BACKGROUND: Gastric duplication is a rare malformation mostly diagnosed during childhood. Symptoms in adults are atypical, rare, or may be completely absent. The diagnosis is suggested after a morphological and histological assessment. The treatment is a complete surgical resection.

CASE REPORT: We report on a case of a 28-year-old woman referred to our unit for a surgical assessment of a gastric duplication of the antropyloric area associated with paraduodenal and pancreatic extensions, diagnosed by several image tools and histological confirmation. She had undergone a total laparoscopic resection of the duplication without violation of the gastric lumen or any other splanchnic injury. The postoperative course was uneventful and the patient was discharged on postoperative day seven without any complains.

CONCLUSIONS: The present report illustrates that complete resection of a distal gastric duplication is feasible by a laparoscopic minimal invasive procedure and therefore is considered to be a safe therapeutic modality. Our case is the first distal gastric duplication cyst with pancreatic and paraduodenal extension reported in the literature completely resected by laparoscopic approach.

Keywords: Cysts - surgery, Laparoscopy, Pancreatic Cyst - surgery, Stomach - abnormalities, Stomach Diseases - surgery

Background

Gastric duplication is a rare malformation mostly diagnosed during childhood. Symptoms in adults are atypical, rare, or may be completely absent [1,2]. This pathology, which is associated in a third of cases with congenital malformations such as pancreatic heterotopias or esophageal atresia, is rarely associated with complications and the risk of malignant transformation is extremely rare [2,3]. The diagnosis is suggested after a morphological and histological assessment. The treatment applied is a complete surgical resection [4, 5]. This is a case report of a 28-year-old woman diagnosed with an antropyloric duplication cyst with an intrapancreatic and paraduodenal extension that was treated by a laparoscopic total surgical excision.

Case Report

A 28-year-old woman with a history of asymptomatic gastric duplication cyst identify one year earlier, and who was treated with antibiotics six months later for an infection of this cyst by the gastroenterologists of our hospital, was referred to our unit for a surgical assessment.

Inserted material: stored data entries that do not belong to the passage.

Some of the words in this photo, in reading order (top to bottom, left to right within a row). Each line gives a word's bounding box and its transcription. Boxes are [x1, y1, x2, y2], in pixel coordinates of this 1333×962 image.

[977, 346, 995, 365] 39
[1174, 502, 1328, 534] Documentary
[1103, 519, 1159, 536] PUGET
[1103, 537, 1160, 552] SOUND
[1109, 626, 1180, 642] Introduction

The patient was admitted to the emergency department with recurrent epigastric pain associated with nausea, vomiting, total food intolerance, and weight loss. Abdominal clinical examination revealed epigastric and hypochondriac sensitivity.

The preoperative evaluation was extensive to exclude a complication of the cyst already superinfected, and subsequently to exclude other pathology.

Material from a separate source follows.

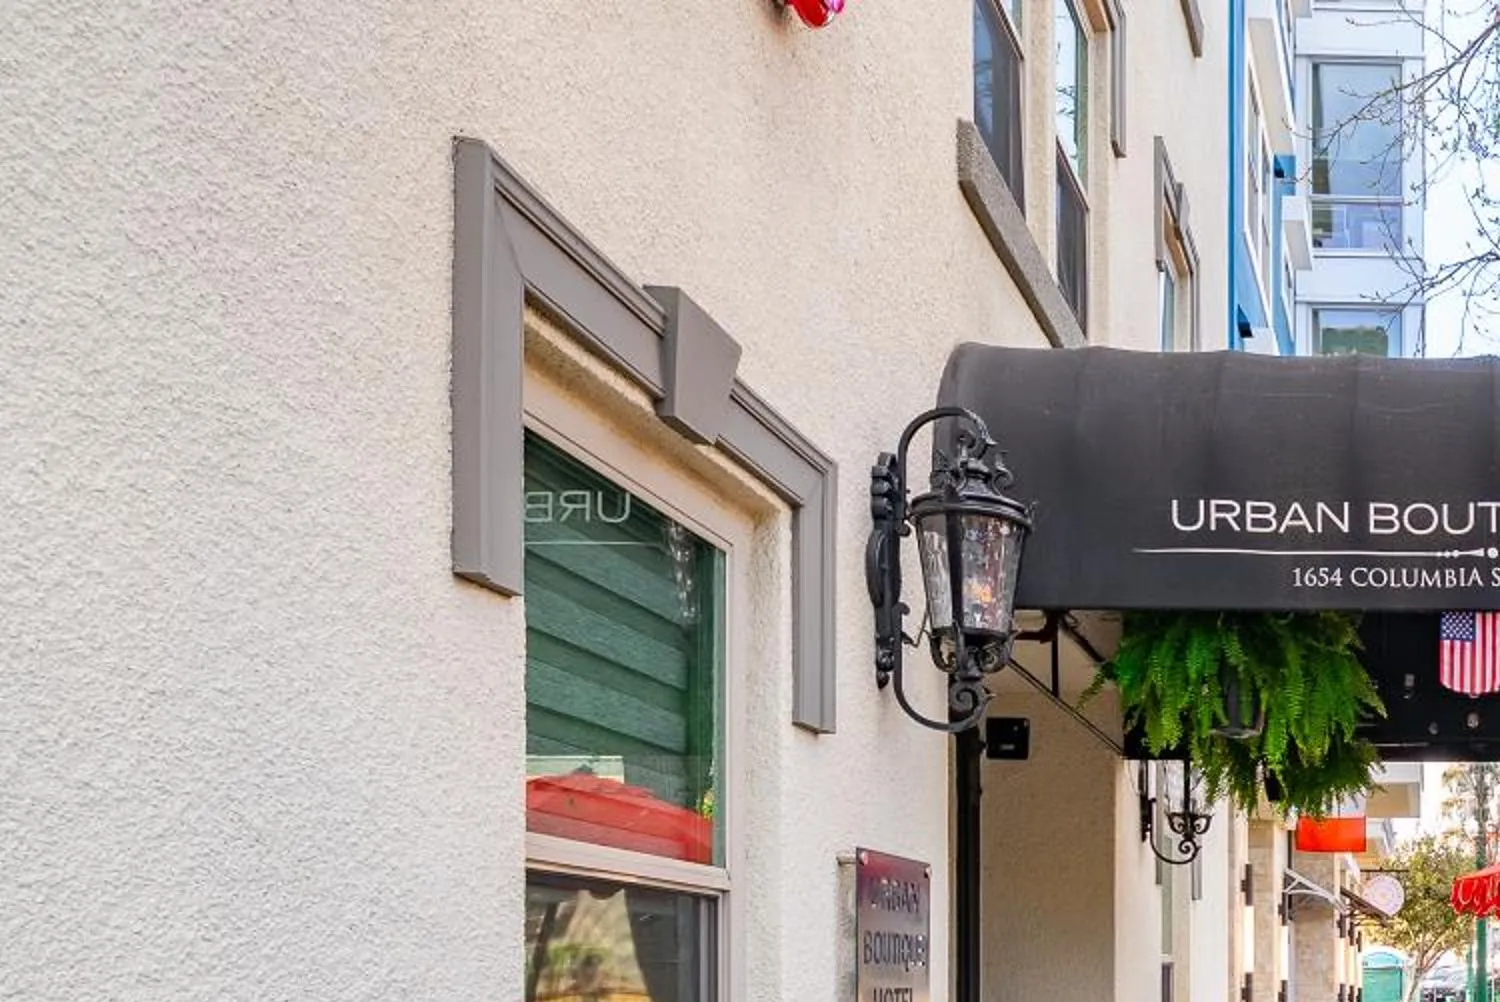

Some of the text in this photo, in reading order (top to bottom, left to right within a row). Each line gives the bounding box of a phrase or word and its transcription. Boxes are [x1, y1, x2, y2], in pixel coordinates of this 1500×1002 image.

[1171, 499, 1350, 534] URBAN
[1292, 567, 1343, 588] 1654
[1350, 566, 1485, 589] COLUMBIA

The patient’s blood test showed a mild inflammation (CRP 19 mg/L, normal range <5 mg/L), no hyperleukocytosis (WBC 5,160×109/L, normal range 4.0–10.0×109/L); a normal renal function (creatinine 0.81 mg/dL, normal range 0.56–1.0 mg/dL), ion status (sodium 142 mmol/L, normal range 135–145 mmol/L; potassium 4.12 mmol/L, normal range 3.5–5.0 mmol/L); and normal lipase test (50 UI/L, normal range 1–100 UI/L). The abdominal ultrasound revealed a 5 cm wide structure contiguous to the horizontal portion of the gastric wall.

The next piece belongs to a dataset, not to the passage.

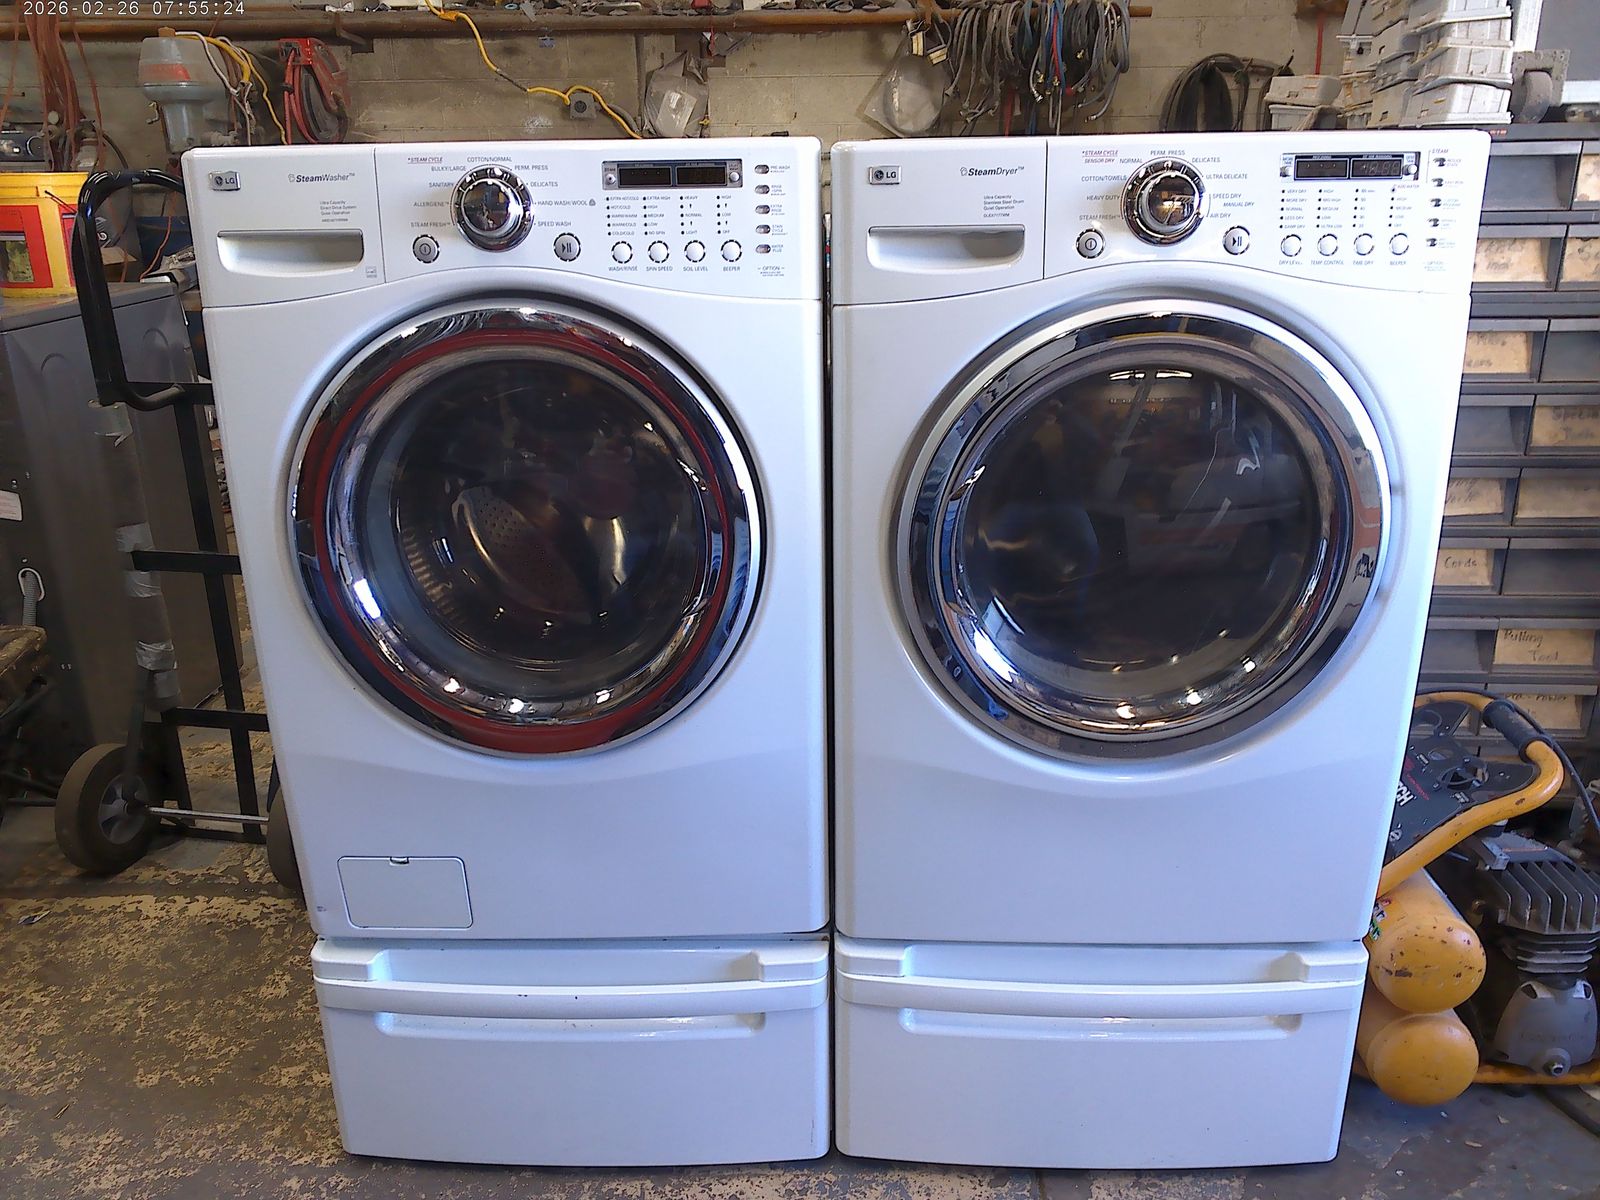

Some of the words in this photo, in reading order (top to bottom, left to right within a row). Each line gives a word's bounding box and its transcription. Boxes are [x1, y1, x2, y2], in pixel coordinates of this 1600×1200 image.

The abdominal computed tomography (CT) showed a gastric duplication with a diameter of 8×5 cm, along with signs of a reactional uncomplicated chronic cephalic pancreatitis by proximity (Figure 1). The magnetic resonance cholangiopancreatography (MRCP) showed no communication between the duplication cyst and the stomach (Figure 2). Finally, the upper gastrointestinal opacification confirmed the absence of communication between the duplication and the gastrointestinal tract as well as the biliary and the pancreatic tract.

A decision was made to proceed to a laparoscopic resection of the duplication. The abdominal exploration revealed a cystic lesion under the antropyloric area. Cystic extensions towards the transverse mesocolon, close to the first and second duodenum and inside the head of the pancreas, were observed (Figure 3). A delicate dissection of the whole cyst was performed either with ultracision or a coagulation hook, as needed, in order to avoid any injury of the gastric mucosa, the duodenum, or the pancreas. The dissection was laborious because there was no clear demarcation zone between the antral wall and the cystic lesion, requiring continuous contact with the cyst wall so as not to penetrate into the pancreatic parenchyma.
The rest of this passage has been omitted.